* **DIRECTIONS FOR THIS TASK**
Apart from the images, reproduce every record word for word.

-- DATA FOR THE TASK follows --

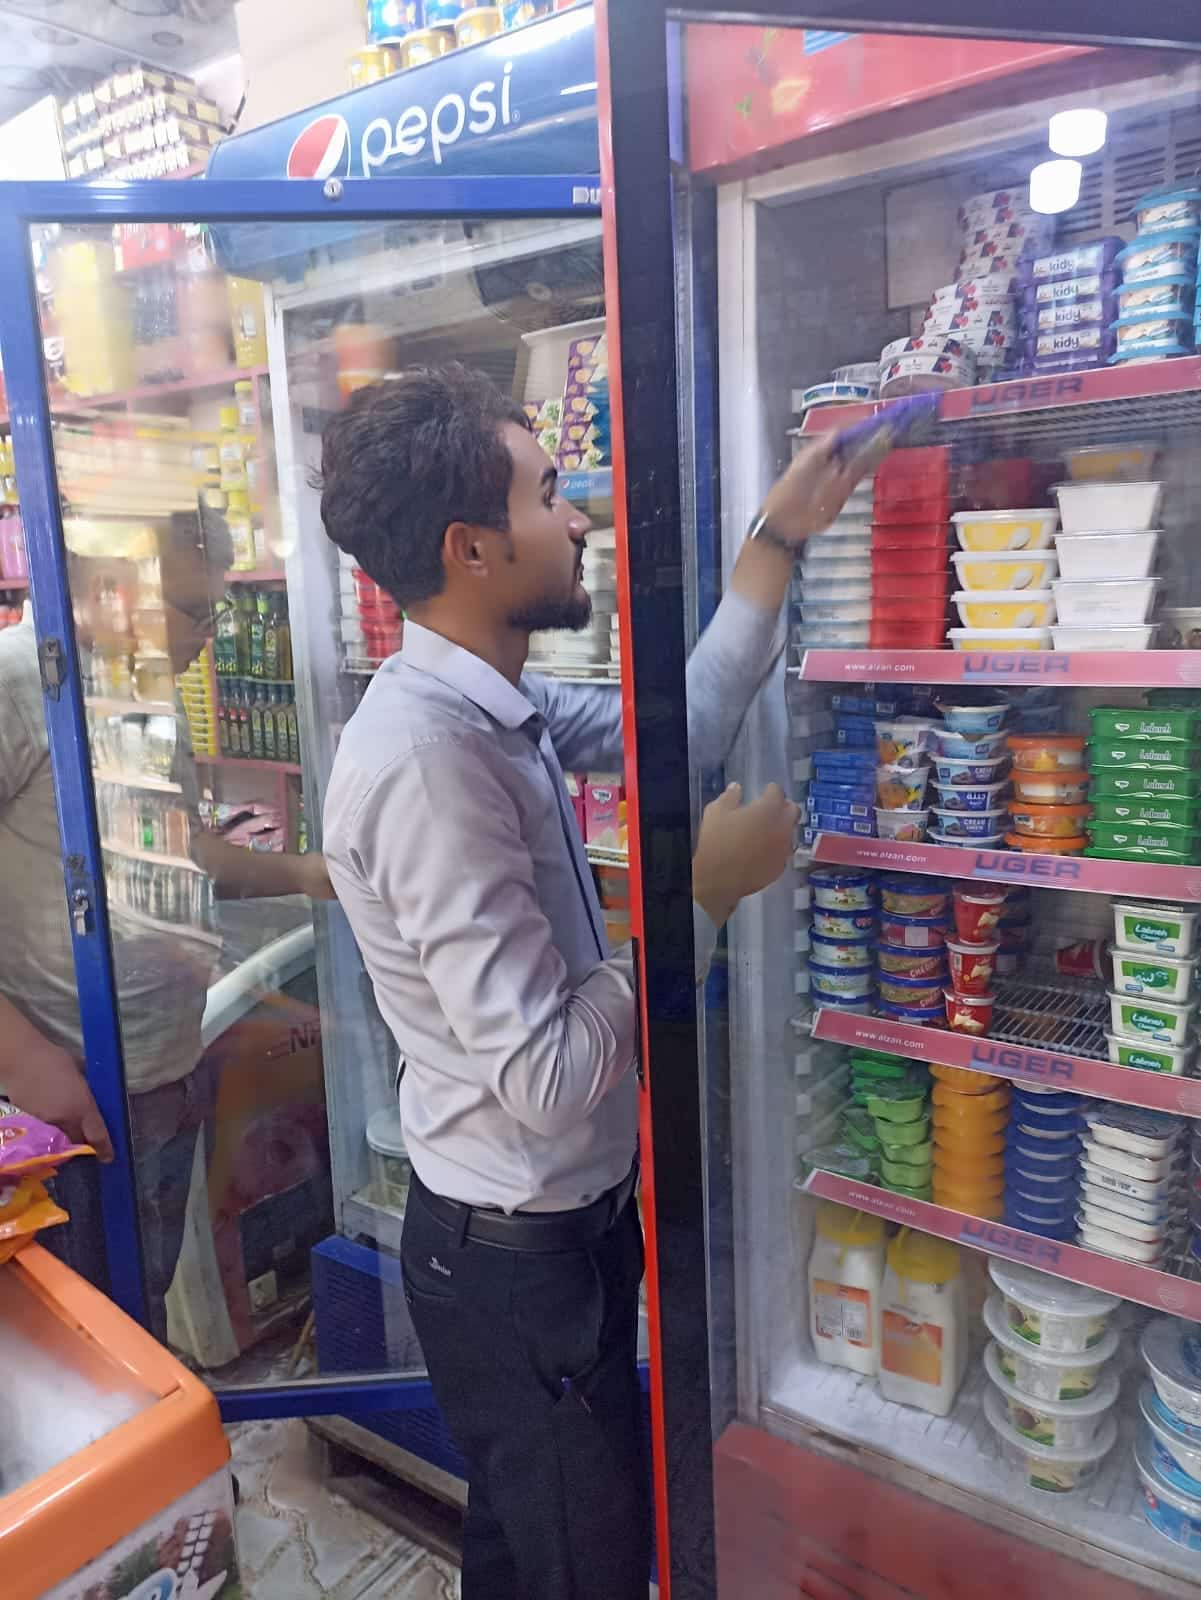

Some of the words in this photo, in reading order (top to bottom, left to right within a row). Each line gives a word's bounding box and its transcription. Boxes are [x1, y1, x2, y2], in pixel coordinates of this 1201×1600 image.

[361, 61, 513, 178] pepsi
[1053, 284, 1079, 298] kidy
[1055, 309, 1081, 322] kidy
[1053, 335, 1079, 349] kidy
[855, 1029, 925, 1050] www.alzan.com

-- DATA FOR THE TASK concluded --

* **RESPONSE FOR THIS EXERCISE**
Some of the words in this photo, in reading order (top to bottom, left to right within a row). Each line gives a word's bounding box and its transcription. Boxes are [x1, y1, x2, y2], in pixel coordinates of this 1201×1600 image.

[361, 61, 513, 178] pepsi
[1053, 284, 1079, 298] kidy
[1055, 309, 1081, 322] kidy
[1053, 335, 1079, 349] kidy
[855, 1029, 925, 1050] www.alzan.com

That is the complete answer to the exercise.